Guido Cagnacci: The Repentant Magdalene (1660-1663)

(Norton Simon Museum, Pasadena, USA)

A painting by the Italian artist Guido Cagnacci (1601 – 1663) which shows an unusual scene of Mary Magdalene. Traditionally Mary Magdalene is shown as an repentant prostitute who, after her conversion, traveled with Jesus as one of his followers. Cagnacci shows Mary Magdalene here after her encounter with Christ in the temple. She is lying half-naked on the floor in the foreground - she has discarded her clothes and jewels (a symbol for vanity) which are scattered around her. Kneeling in front of her is Martha, the sister of Mary Magdalene.
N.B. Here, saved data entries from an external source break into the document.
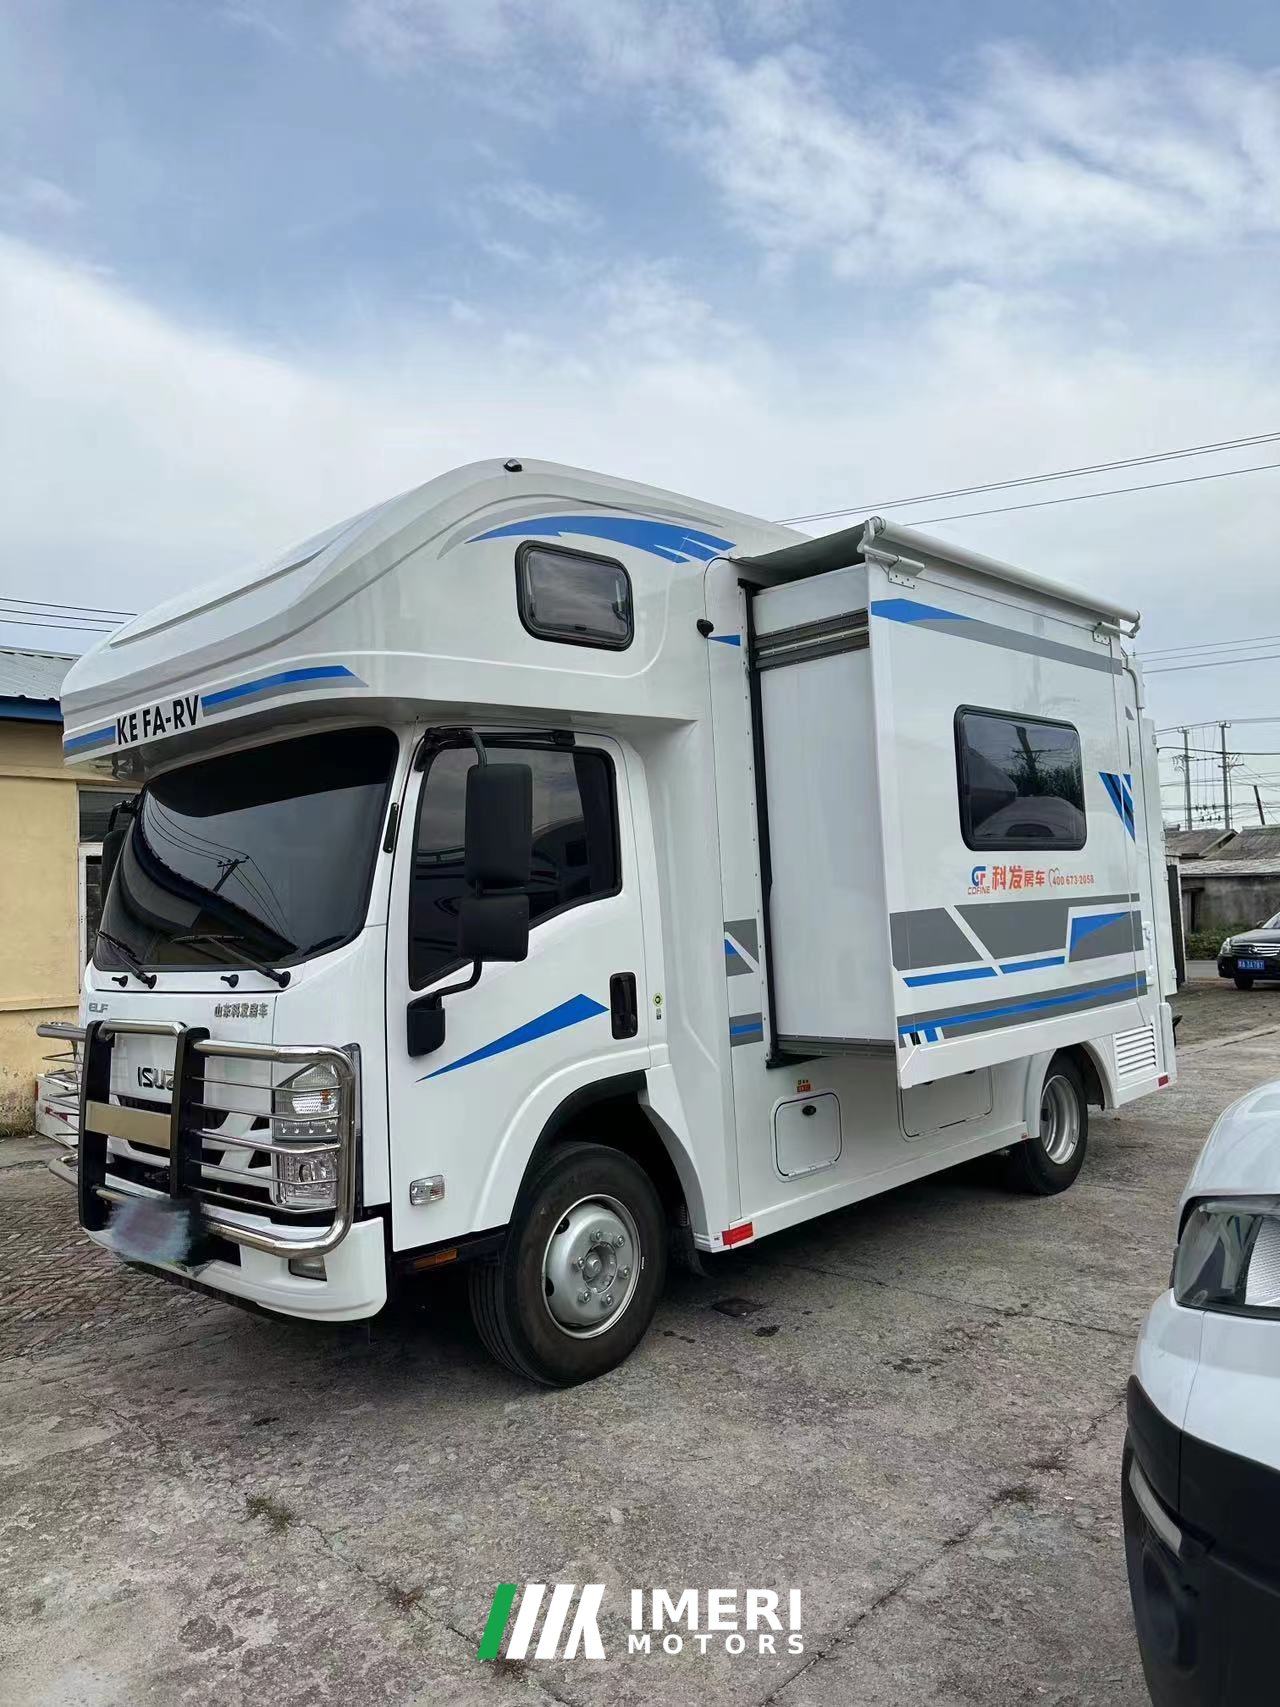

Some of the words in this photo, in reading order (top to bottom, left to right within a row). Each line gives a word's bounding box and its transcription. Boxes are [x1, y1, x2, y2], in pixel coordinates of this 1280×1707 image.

[117, 713, 138, 745] KE
[143, 694, 199, 738] FA-RV
[992, 865, 1045, 890] 科发房车
[89, 1002, 108, 1013] ELF
[137, 1066, 175, 1091] ISUZ
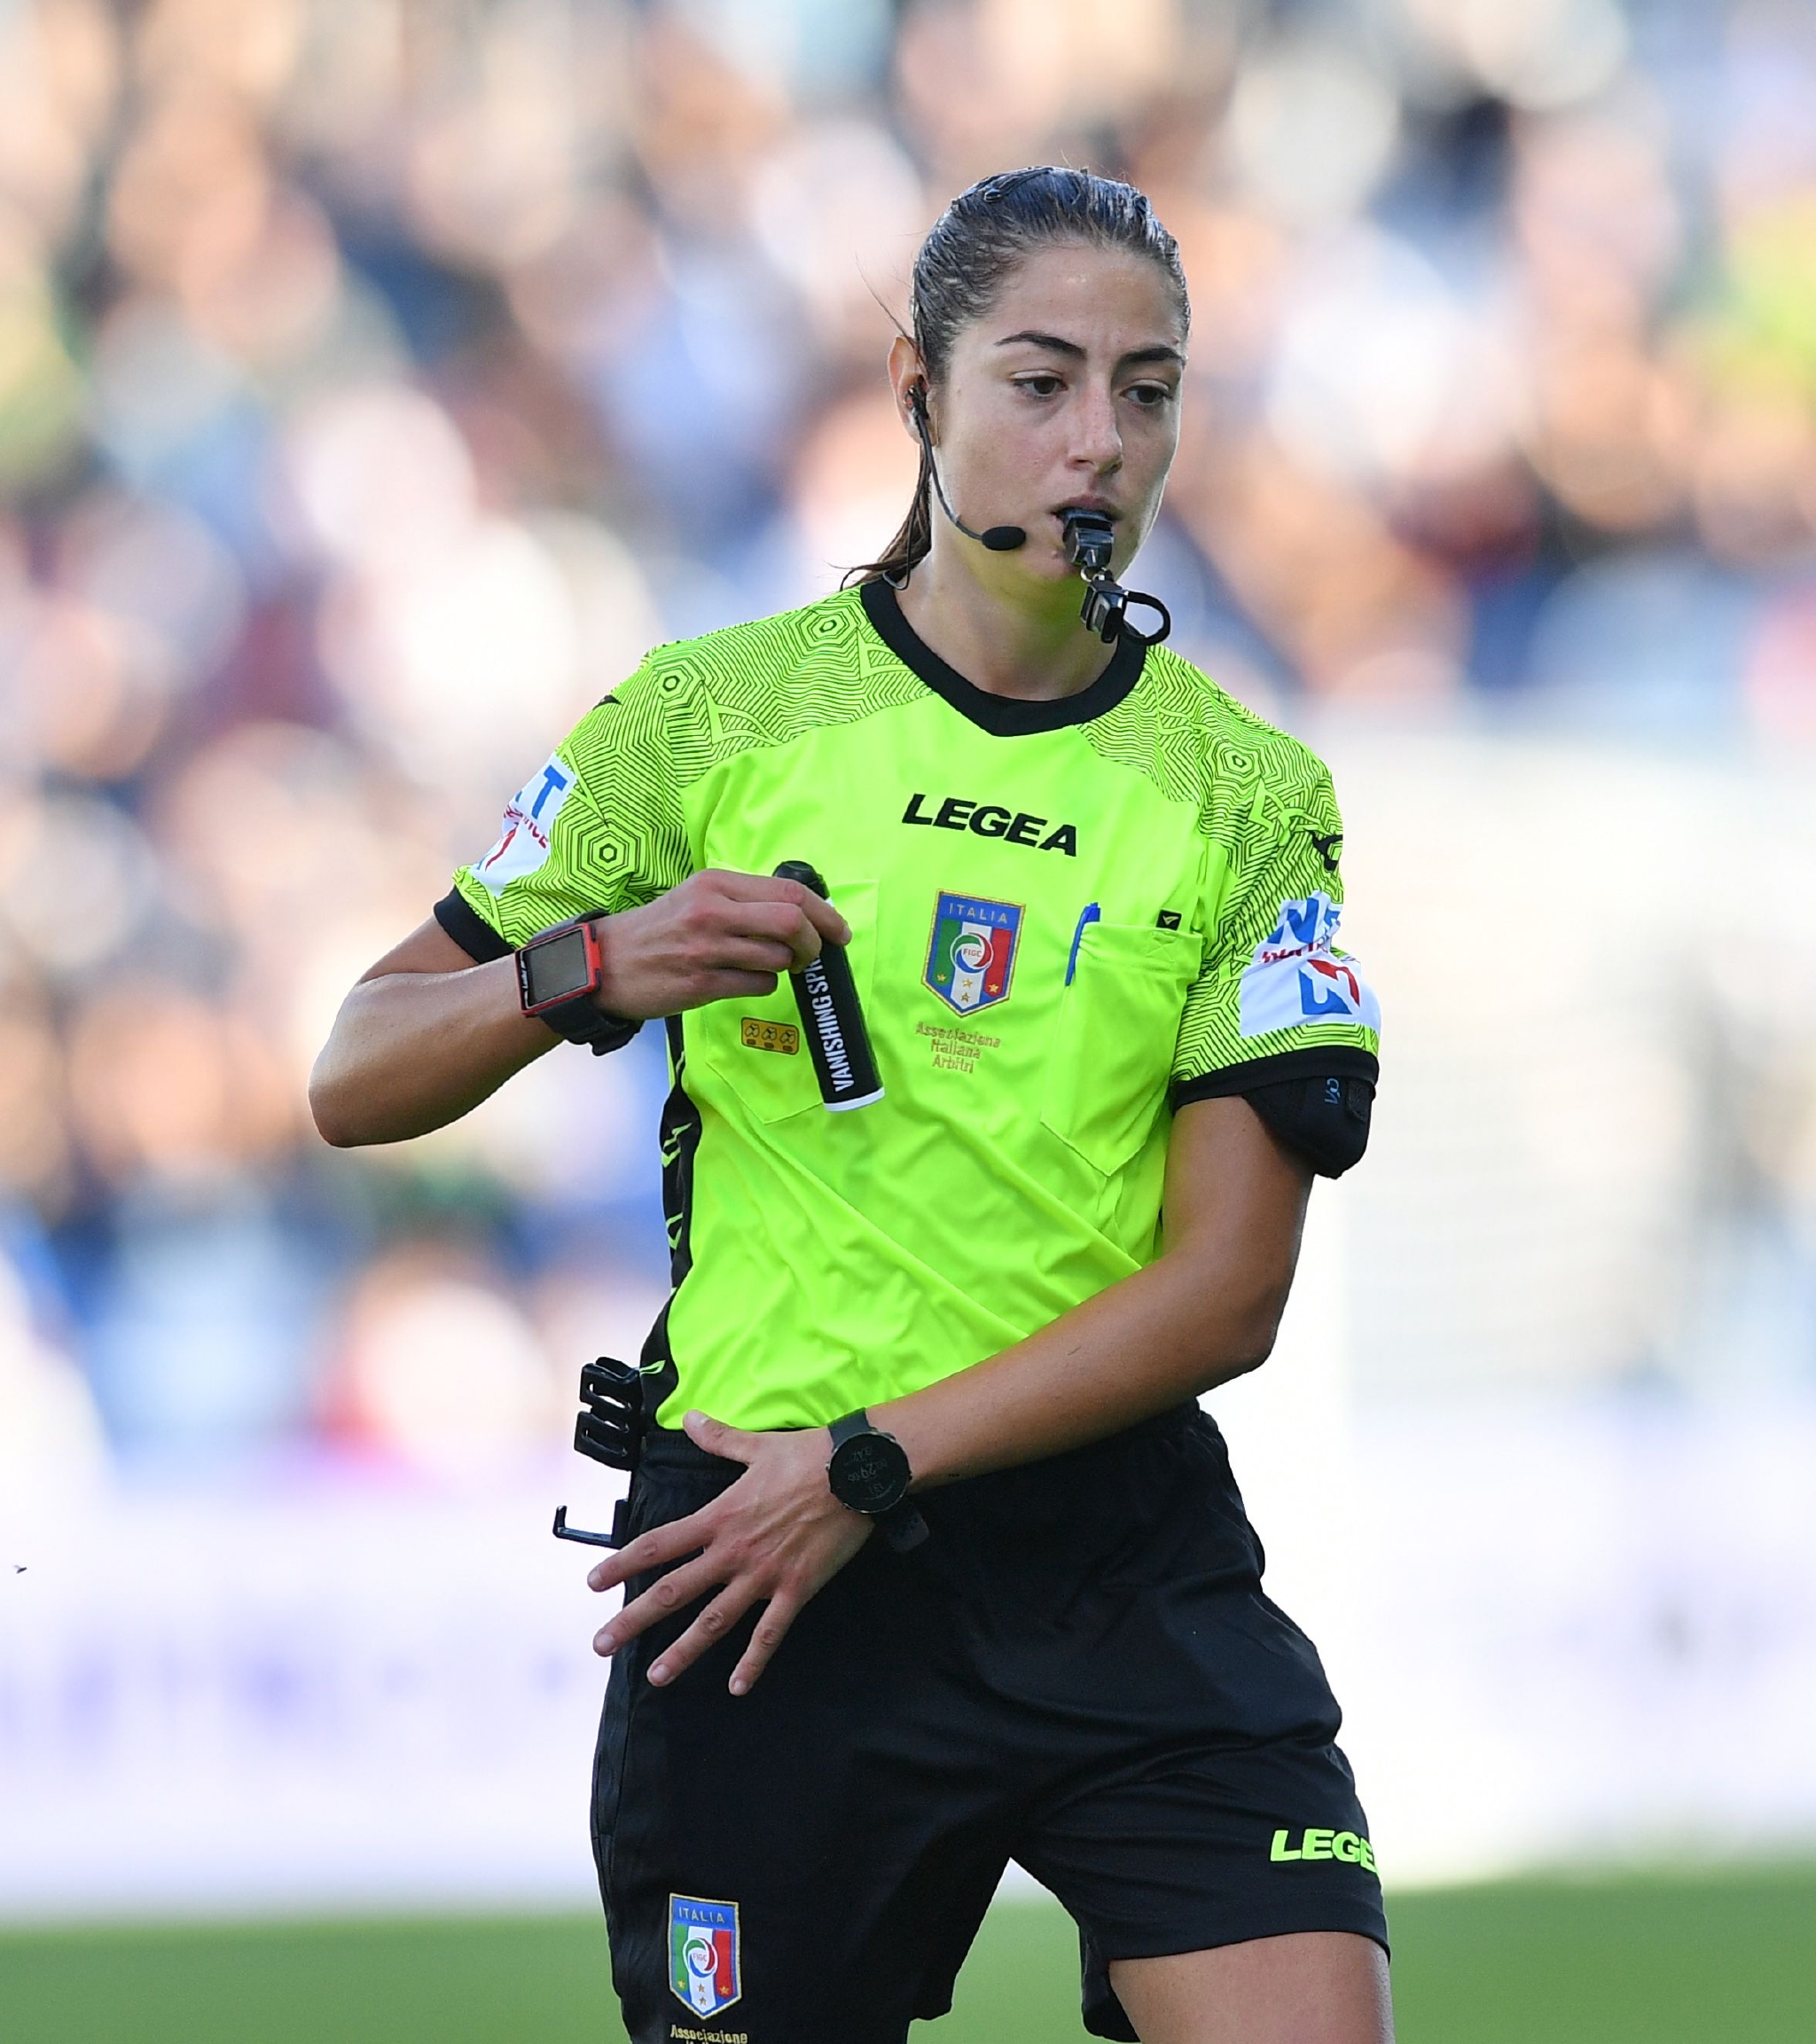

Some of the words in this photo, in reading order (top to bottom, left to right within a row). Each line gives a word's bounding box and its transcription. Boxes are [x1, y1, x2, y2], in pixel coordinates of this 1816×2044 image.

Martha is rebuking Mary Magdalene, urging her to give up her sinful life of vice and luxury and is pointing to an allegorical scene in the background in which an angel (Virtue) chases out a devil (Vice). The two fleeing women at the door represent contrition (the crying woman) and vanity (the woman who is closing the door). The painting was commissioned by the Holy Roman emperor Leopold I but the painting ended up in the collection of Duke Charles II Gonzaga of Mantua - it is not known if the duke just bought the painting or that the painting was a diplomatic gift of the emperor to the duke who was related to the emperor. Painting from 1660-1663.